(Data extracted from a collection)

[Start of section]

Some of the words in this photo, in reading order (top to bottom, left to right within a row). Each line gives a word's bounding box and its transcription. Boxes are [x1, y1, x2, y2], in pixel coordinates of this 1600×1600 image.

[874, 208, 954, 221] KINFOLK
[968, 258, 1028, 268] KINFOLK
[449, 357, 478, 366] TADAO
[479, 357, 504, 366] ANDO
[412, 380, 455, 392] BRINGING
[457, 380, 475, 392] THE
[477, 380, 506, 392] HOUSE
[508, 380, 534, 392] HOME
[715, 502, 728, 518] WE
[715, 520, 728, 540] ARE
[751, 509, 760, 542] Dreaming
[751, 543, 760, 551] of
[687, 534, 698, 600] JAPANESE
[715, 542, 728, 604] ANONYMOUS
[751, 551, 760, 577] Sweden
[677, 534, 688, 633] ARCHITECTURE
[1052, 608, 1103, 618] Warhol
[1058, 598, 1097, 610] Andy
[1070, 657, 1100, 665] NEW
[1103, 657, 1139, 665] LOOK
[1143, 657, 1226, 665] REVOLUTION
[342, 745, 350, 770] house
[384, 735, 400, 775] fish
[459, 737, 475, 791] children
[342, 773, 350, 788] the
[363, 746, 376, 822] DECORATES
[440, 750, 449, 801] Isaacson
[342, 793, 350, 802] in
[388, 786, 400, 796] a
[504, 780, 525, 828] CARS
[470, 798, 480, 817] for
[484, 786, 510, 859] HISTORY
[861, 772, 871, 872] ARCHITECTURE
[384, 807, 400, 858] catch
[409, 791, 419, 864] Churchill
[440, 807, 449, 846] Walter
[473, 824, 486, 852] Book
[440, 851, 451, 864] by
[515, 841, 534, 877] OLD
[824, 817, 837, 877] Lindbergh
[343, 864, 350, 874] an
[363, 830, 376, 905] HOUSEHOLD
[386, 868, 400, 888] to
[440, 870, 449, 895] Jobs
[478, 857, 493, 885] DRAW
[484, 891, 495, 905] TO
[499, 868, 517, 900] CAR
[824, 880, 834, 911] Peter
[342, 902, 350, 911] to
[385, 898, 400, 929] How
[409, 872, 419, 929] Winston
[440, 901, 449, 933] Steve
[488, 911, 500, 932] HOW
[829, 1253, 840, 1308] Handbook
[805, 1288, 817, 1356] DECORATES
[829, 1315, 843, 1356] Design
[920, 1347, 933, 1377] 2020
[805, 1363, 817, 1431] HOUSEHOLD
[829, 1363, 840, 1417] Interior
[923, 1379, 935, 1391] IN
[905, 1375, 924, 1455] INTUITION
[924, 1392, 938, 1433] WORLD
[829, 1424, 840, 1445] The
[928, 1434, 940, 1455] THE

[End of section]

■ PROBLEM REQUIREMENTS:
Please write out all of the records above, character for character.

■ RESULT FOR THIS EXERCISE:
Some of the words in this photo, in reading order (top to bottom, left to right within a row). Each line gives a word's bounding box and its transcription. Boxes are [x1, y1, x2, y2], in pixel coordinates of this 1600×1600 image.

[874, 208, 954, 221] KINFOLK
[968, 258, 1028, 268] KINFOLK
[449, 357, 478, 366] TADAO
[479, 357, 504, 366] ANDO
[412, 380, 455, 392] BRINGING
[457, 380, 475, 392] THE
[477, 380, 506, 392] HOUSE
[508, 380, 534, 392] HOME
[715, 502, 728, 518] WE
[715, 520, 728, 540] ARE
[751, 509, 760, 542] Dreaming
[751, 543, 760, 551] of
[687, 534, 698, 600] JAPANESE
[715, 542, 728, 604] ANONYMOUS
[751, 551, 760, 577] Sweden
[677, 534, 688, 633] ARCHITECTURE
[1052, 608, 1103, 618] Warhol
[1058, 598, 1097, 610] Andy
[1070, 657, 1100, 665] NEW
[1103, 657, 1139, 665] LOOK
[1143, 657, 1226, 665] REVOLUTION
[342, 745, 350, 770] house
[384, 735, 400, 775] fish
[459, 737, 475, 791] children
[342, 773, 350, 788] the
[363, 746, 376, 822] DECORATES
[440, 750, 449, 801] Isaacson
[342, 793, 350, 802] in
[388, 786, 400, 796] a
[504, 780, 525, 828] CARS
[470, 798, 480, 817] for
[484, 786, 510, 859] HISTORY
[861, 772, 871, 872] ARCHITECTURE
[384, 807, 400, 858] catch
[409, 791, 419, 864] Churchill
[440, 807, 449, 846] Walter
[473, 824, 486, 852] Book
[440, 851, 451, 864] by
[515, 841, 534, 877] OLD
[824, 817, 837, 877] Lindbergh
[343, 864, 350, 874] an
[363, 830, 376, 905] HOUSEHOLD
[386, 868, 400, 888] to
[440, 870, 449, 895] Jobs
[478, 857, 493, 885] DRAW
[484, 891, 495, 905] TO
[499, 868, 517, 900] CAR
[824, 880, 834, 911] Peter
[342, 902, 350, 911] to
[385, 898, 400, 929] How
[409, 872, 419, 929] Winston
[440, 901, 449, 933] Steve
[488, 911, 500, 932] HOW
[829, 1253, 840, 1308] Handbook
[805, 1288, 817, 1356] DECORATES
[829, 1315, 843, 1356] Design
[920, 1347, 933, 1377] 2020
[805, 1363, 817, 1431] HOUSEHOLD
[829, 1363, 840, 1417] Interior
[923, 1379, 935, 1391] IN
[905, 1375, 924, 1455] INTUITION
[924, 1392, 938, 1433] WORLD
[829, 1424, 840, 1445] The
[928, 1434, 940, 1455] THE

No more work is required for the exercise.